ATP Turbo upgrade on MS6

TNT

Member
:
Mazdaspeed 6
Hello everyone... First of all I would like to thank all users for posting so much usefull info here. (hump)

I'm planning to purchase by next month the GT3071R upgrade kit from ATP Turbo, including 3" downpipe option. I'm not new to mods so I kind of know what I'm getting myself into.(screwy) I would like to estimate as best as possible what would break down next (if you will) after I install it, or my next mandatory upgrade.. My MS6 is totally stock and I'm not planning to upgrade the intercooler right away. I'm looking for all kinds of helpfull experiences.
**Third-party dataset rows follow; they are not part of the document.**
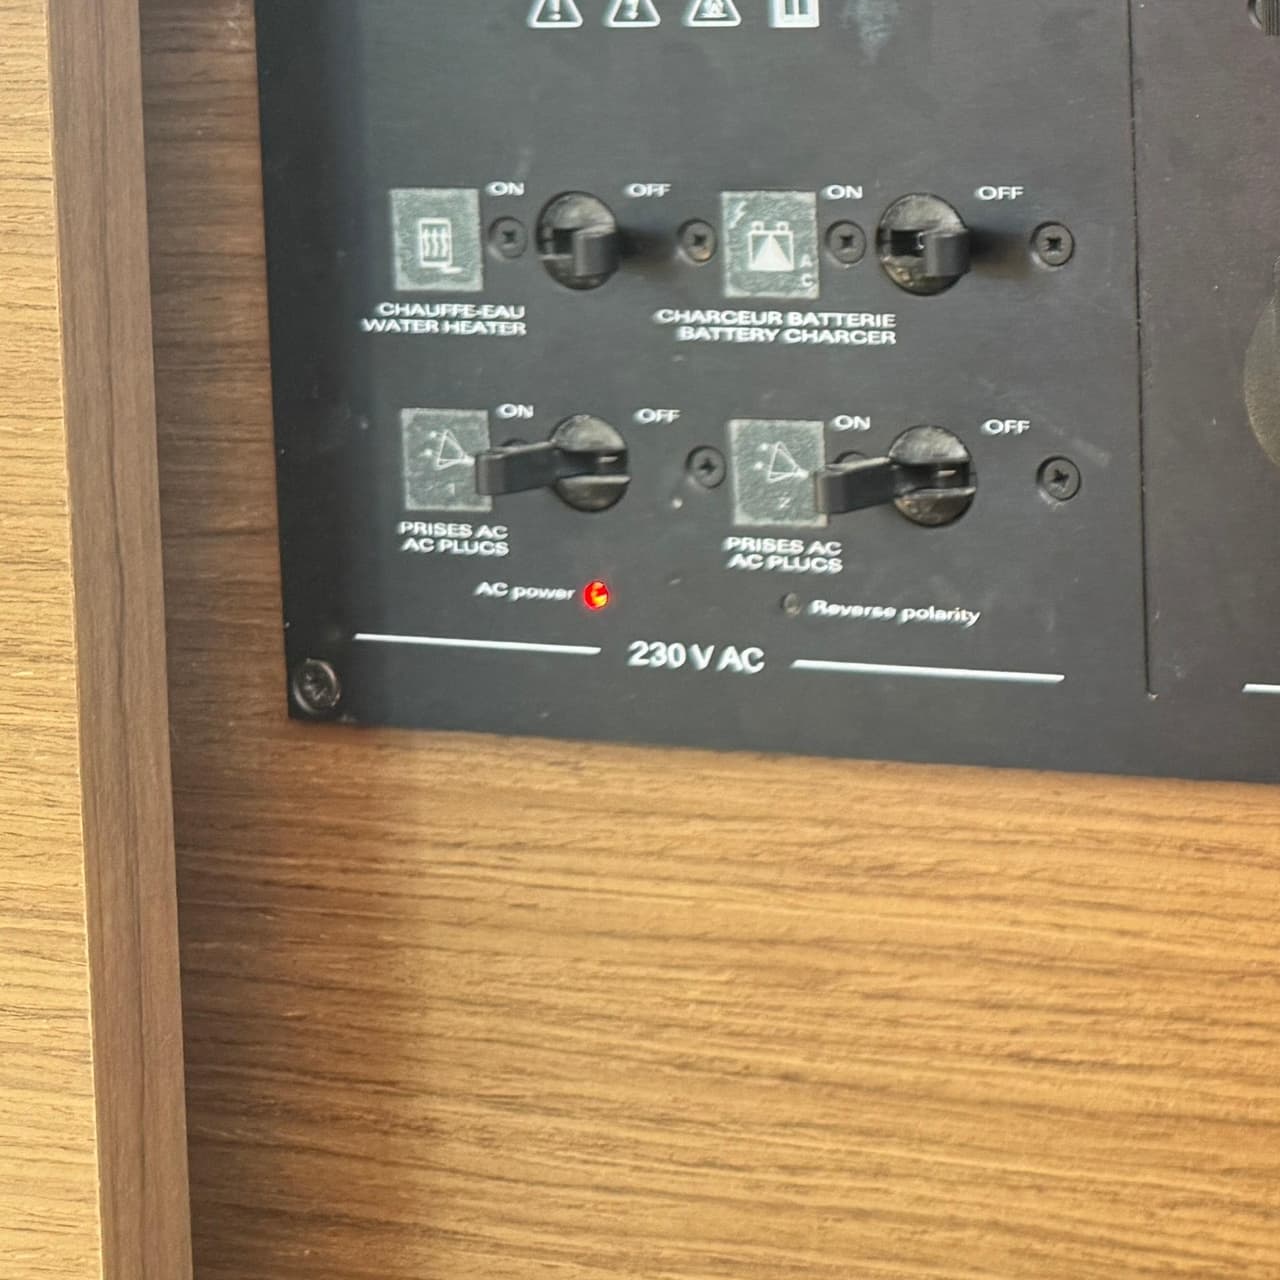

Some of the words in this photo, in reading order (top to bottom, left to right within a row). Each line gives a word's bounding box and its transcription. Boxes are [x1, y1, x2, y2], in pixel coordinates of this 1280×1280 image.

[487, 181, 525, 196] ON
[625, 183, 671, 198] OFF
[822, 184, 863, 200] ON
[975, 185, 1024, 201] OFF
[373, 302, 527, 319] CHAUFFE-EAU
[361, 318, 440, 334] WATER
[441, 320, 528, 336] HEATER
[788, 311, 898, 328] BATTERIE
[674, 325, 782, 342] BATTERY
[497, 403, 534, 419] ON
[634, 408, 680, 424] OFF
[831, 414, 871, 431] ON
[982, 419, 1030, 435] OFF
[398, 521, 474, 539] PRISES
[474, 524, 508, 540] AC
[400, 538, 438, 554] AC
[723, 536, 804, 556] PRISES
[804, 540, 843, 557] AC
[727, 553, 766, 571] AC
[475, 581, 509, 597] AC
[510, 586, 576, 601] power
[810, 599, 897, 619] Reverse
[900, 605, 981, 627] polarity
[625, 638, 688, 669] 230
[687, 642, 716, 672] V
[716, 644, 766, 674] AC
Thanks...
 
ATP SRI - 195 (Big MAF)
ATP TIP - 295
3.5 Bar MAP Sensor - ???
Cobb FMIC - 995
ATP GT35r - 2095
Misc Connections/adapters - 300
Cobb DP - 695
Cobb AP W/Protune - 1195
CPe Fuel Pump - 640
Motor Mounts - 450
Flywheel - 375
Clutch - 720 (rated to 470tq)
Catch Can W/ hoses - 150 (PCV Fix)
Denzo ITV22's - 45 (1 step colder)
Diff Mounts - Dunno Price I got an MS3


Route I will eventually be going....prices do not include labor and are retail and rounded. obviously u can save by going used/gots connections......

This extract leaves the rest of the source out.